Indeed the unfairness of doing so would be even more pronounced given that the jury not only found that the Debtors committed fraud under three separate provisions of § 17.46(b) of the DTPA (i.e. the three subquestions under Question No. 1), but also found that they committed fraud in their answers to Question No. 4 and Question No. 5. --------

By applying collateral estoppel, the entire Final Judgment becomes a nondischargeable obligation. This result not only bars the Debtors from attempting to convince this Court, through adducing testimony and introducing exhibits at a trial, that the entire Final Judgment is dischargeable; it also bars them from attempting to convince the Court that at least some portion of the Final Judgment is dischargeable (on the grounds that at least some portion of the damages resulted from their unconscionable actions under § 17.50 of the DTPA rather than from their fraudulent conduct under § 17.46(b)(5), (7) and (24) of the DTPA). To the extent that this result seems unfair, this Court concludes that it would be much more unfair to spend more time and attorney's fees essentially retrying the entire dispute. Indeed, this Court believes that it would be extremely difficult, if not impossible, to find that a portion of the Final Judgment is due to unconscionable actions and a portion of the Final Judgment is due to fraudulent conduct. Fraudulent behavior and unconscionable behavior are so inextricably intertwined that it would be an effort in futility to attempt to apportion a certain amount of damages to just one and the remaining amount of damages to the other.

Stated differently, the situation here is wholly unlike the situation in Schwager. There, the jury was asked in a single question to award damages for either breach of fiduciary duty or breach of the partnership agreement. Schwager, 121 F.3d at 183. The Fifth Circuit reversed the district court's affirmance of the bankruptcy court's granting summary judgment based upon collateral estoppel.
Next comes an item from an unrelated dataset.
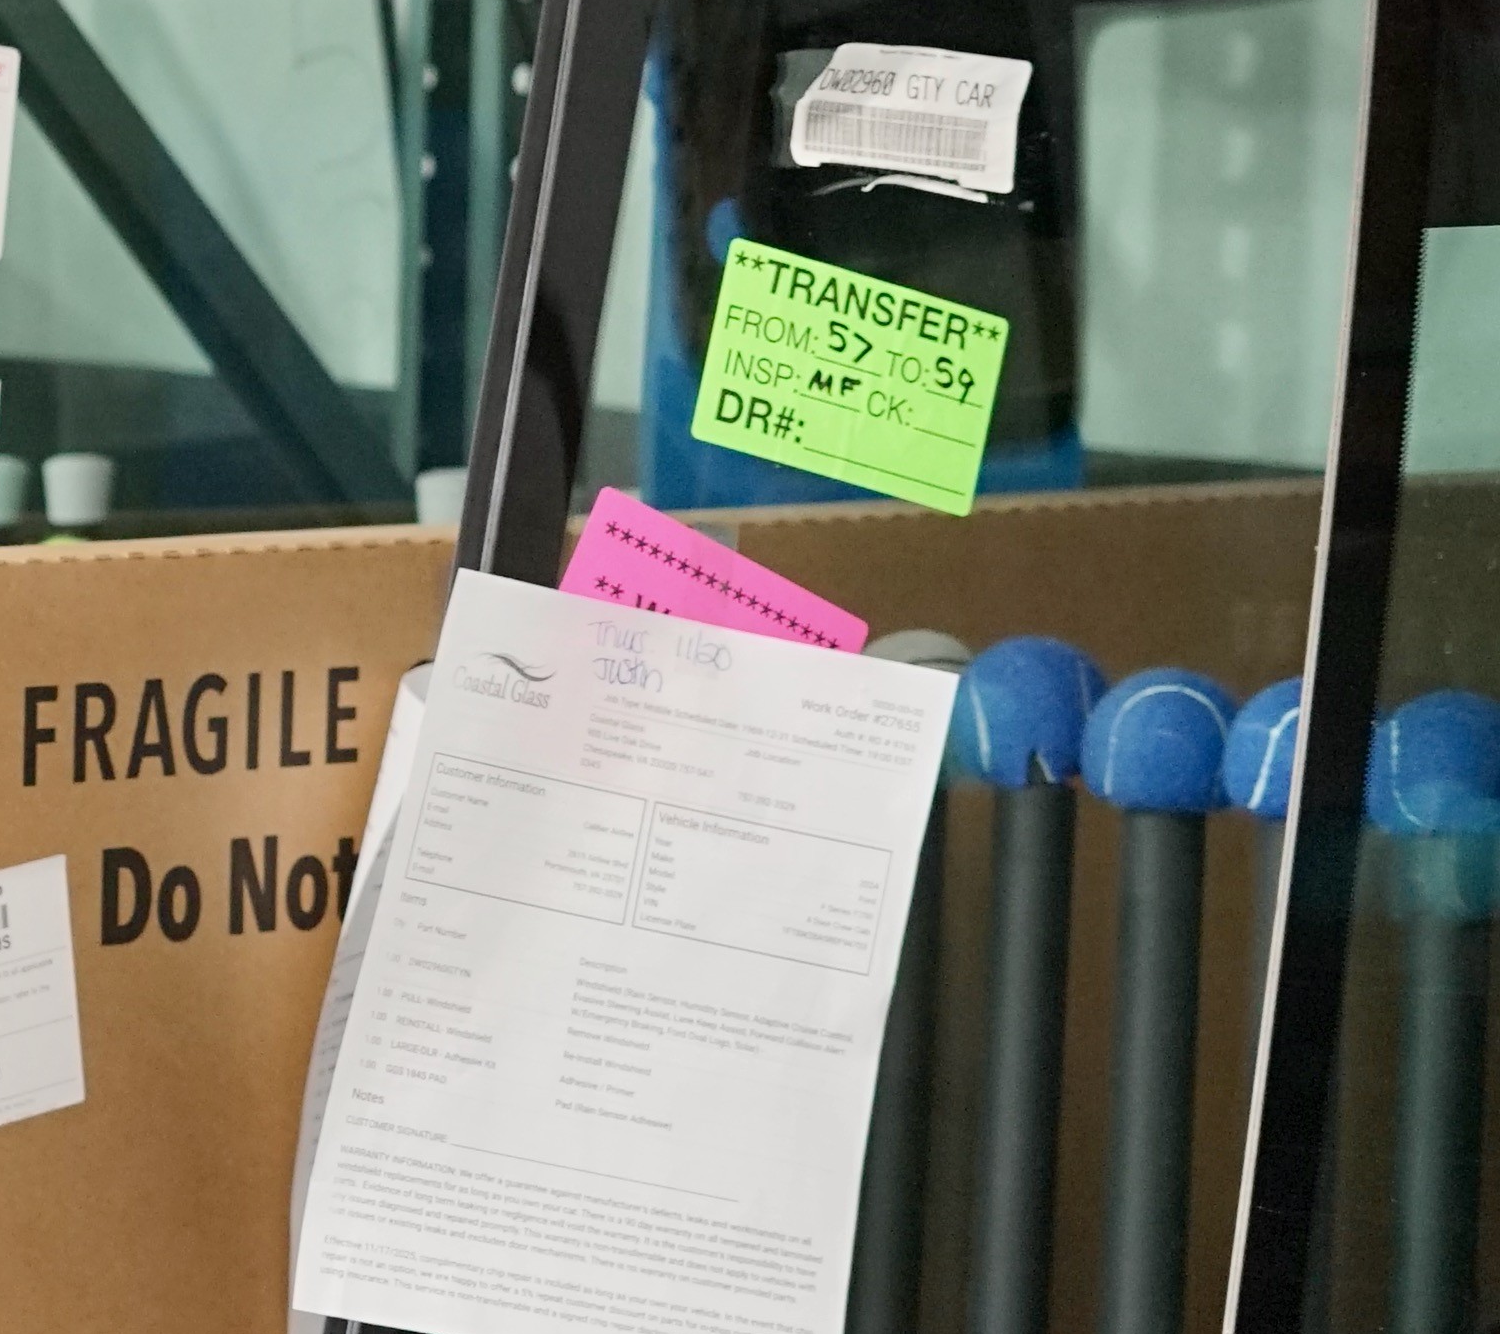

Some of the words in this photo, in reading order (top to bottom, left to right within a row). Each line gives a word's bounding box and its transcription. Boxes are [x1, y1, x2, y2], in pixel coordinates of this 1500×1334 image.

The Fifth Circuit then remanded the dispute, requiring the bankruptcy court to make specific, independent factual findings as to how much of the damages were due to the debtor's defalcation while acting in a fiduciary capacity (which would be a nondischargeable debt under § 523(a)(4)) and how much of the damages were due to the debtor's breach of the partnership agreement (which would be a dischargeable debt). The act of defalcation while in a fiduciary capacity and the act of breaching a partnership agreement are not so intertwined so as to render impossible apportioning damages; whereas fraudulent behavior and unconscionable behavior are tied to the hip and cannot be easily separated.

In sum, because collateral estoppel applies in this instance, there is no genuine dispute as to any material fact. This Court finds that the jury's answers in the State Court Lawsuit satisfy all of the elements of § 523(a)(2)(A), and that therefore the Final Judgment is a nondischargeable obligation.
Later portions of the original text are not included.